Are Parts of India Becoming Too Hot For Humans?
Intense heat waves have killed more than 100 people in India this summer and are predicted to worsen in coming years, creating a possible humanitarian crisis as large parts of the country potentially become too hot to be inhabitable.
Heat waves in India usually take place between March and July and abate once the monsoon rains arrive. But in recent years these hot spells have become more intense, more frequent and longer.
India is among the countries expected to be worst affected by the impacts of climate crisis, according to the Intergovernmental Panel on Climate Change (IPCC).
Experts at the Massachusetts Institute of Technology (MIT) say that even if the world succeeds in cutting carbon emissions, limiting the predicted rise in average global temperatures, parts of India will become so hot they will test the limits of human survivability.
“The future of heat waves is looking worse even with significant mitigation of climate change, and much worse without mitigation,” said Elfatih Eltahir, a professor of hydrology and climate at MIT.
When the heat rises
The Indian government declares a heat wave when temperatures reach at least 4.5 degrees Celsius (8.1 Fahrenheit) above the “normal” temperature for that area for at least two days. A heat wave becomes “severe” when temperatures climb to 6.4 degrees Celsius (11.5 Fahrenheit) above normal for at least two days.
Thresholds for heat waves, therefore, differ across the country — in the capital New Delhi, a heat wave is declared after two consecutive days of temperatures of at least 45 degrees Celsius (113 Fahrenheit).
Last year, there were 484 official heat waves across India, up from 21 in 2010. During that period, more than 5,000 people died.This year’s figures show little respite.
In June, Delhi hit temperatures of 48 degrees Celsius (118 Fahrenheit), the highest ever recorded in that month. West of the capital, Churu in Rajasthan nearly broke the country’s heat record with a high of 50.6 Celsius (123 Fahrenheit).
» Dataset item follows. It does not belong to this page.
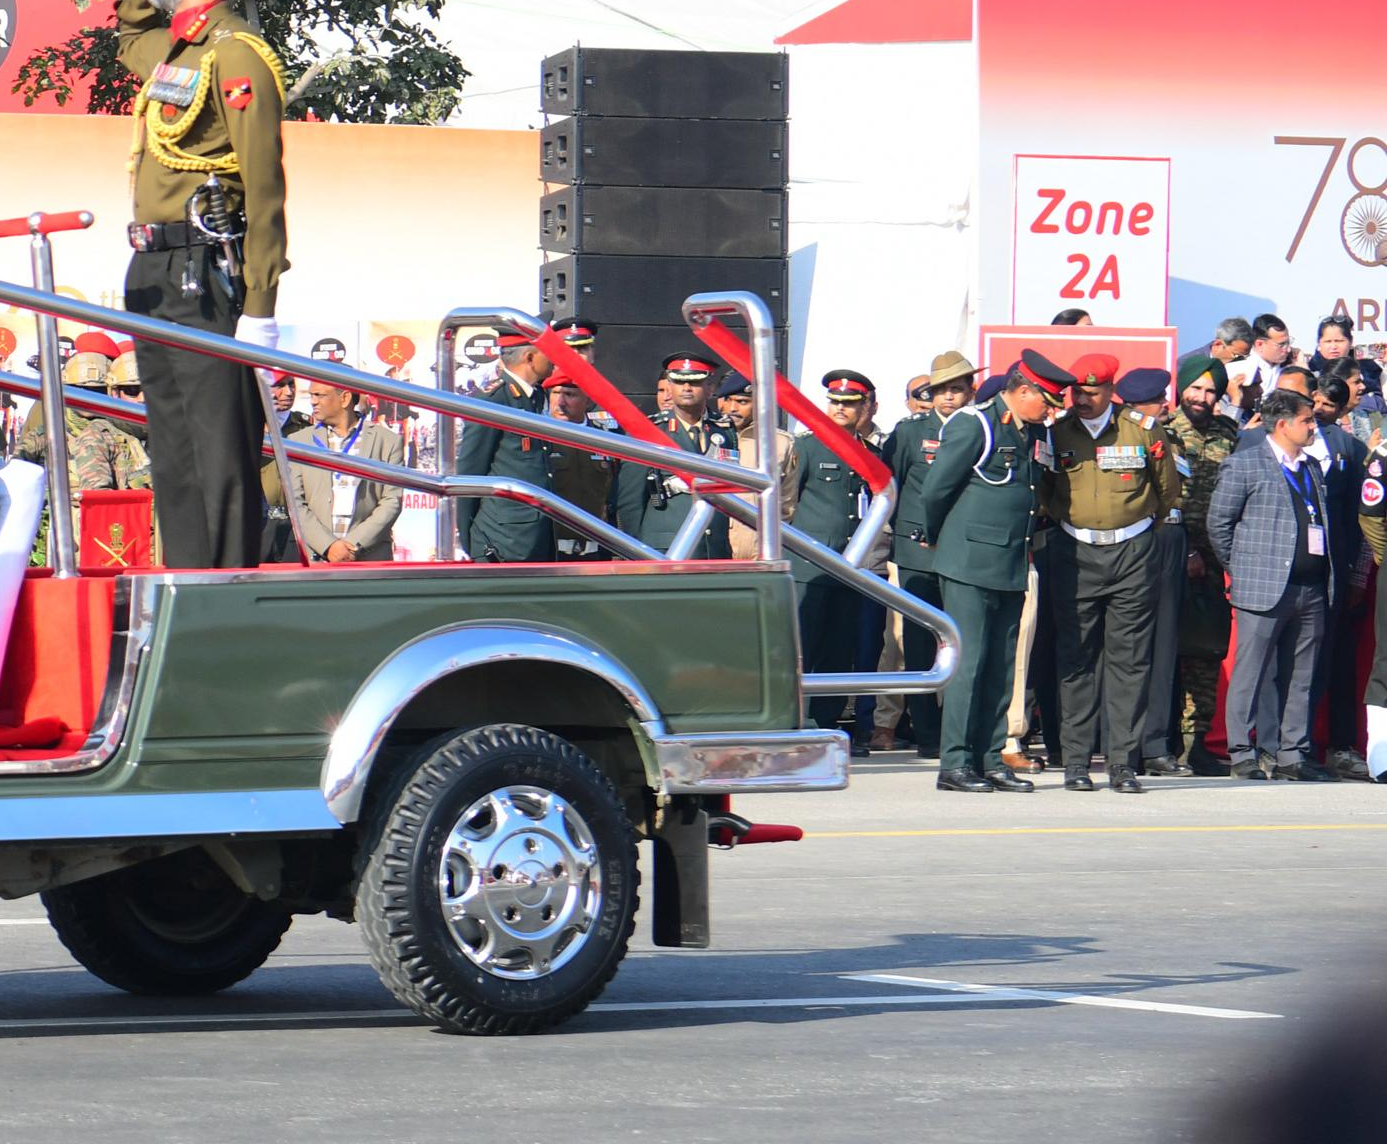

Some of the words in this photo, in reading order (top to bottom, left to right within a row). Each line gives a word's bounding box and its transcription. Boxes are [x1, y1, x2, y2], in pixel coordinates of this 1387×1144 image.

India’s poorest state, Bihar, closed all schools, colleges and coaching centers for five days after severe heat killed more than 100 people. The closures were accompanied by warnings to stay indoors during the hottest part of the day, an unrealistic order for millions of people who needed to work outdoors to earn money.
And forecasters believe it’s only going to get worse.
“In a nutshell, future heatwaves are likely to engulf in the whole of India,” said AK Sahai and Sushmita Joseph, of the Indian Institute of Tropical Meteorology, in Pune in an email.
India’s situation is not unique. Many places around the world have endured heat waves so far this year, including parts of Spain, China, Nepal, and Zimbabwe.
To examine the question of future survivability of heat waves in South Asia, MIT researchers looked at two scenarios presented by the IPCC: The first is that global average surface temperatures will rise by 4.5 degrees Celsius by the end of the century. The second is the more optimistic prediction of an average increase of 2.25 degrees Celsius. Both exceed the Paris Agreement target to keep the global average temperature rise by 2100 to below 2 degrees Celsius.
Under the more optimistic prediction, researchers found that no parts of South Asia would exceed the limits of survivability by the year 2100.
However, it was a different story under the hotter scenario, which assumes global emissions continue on their current path.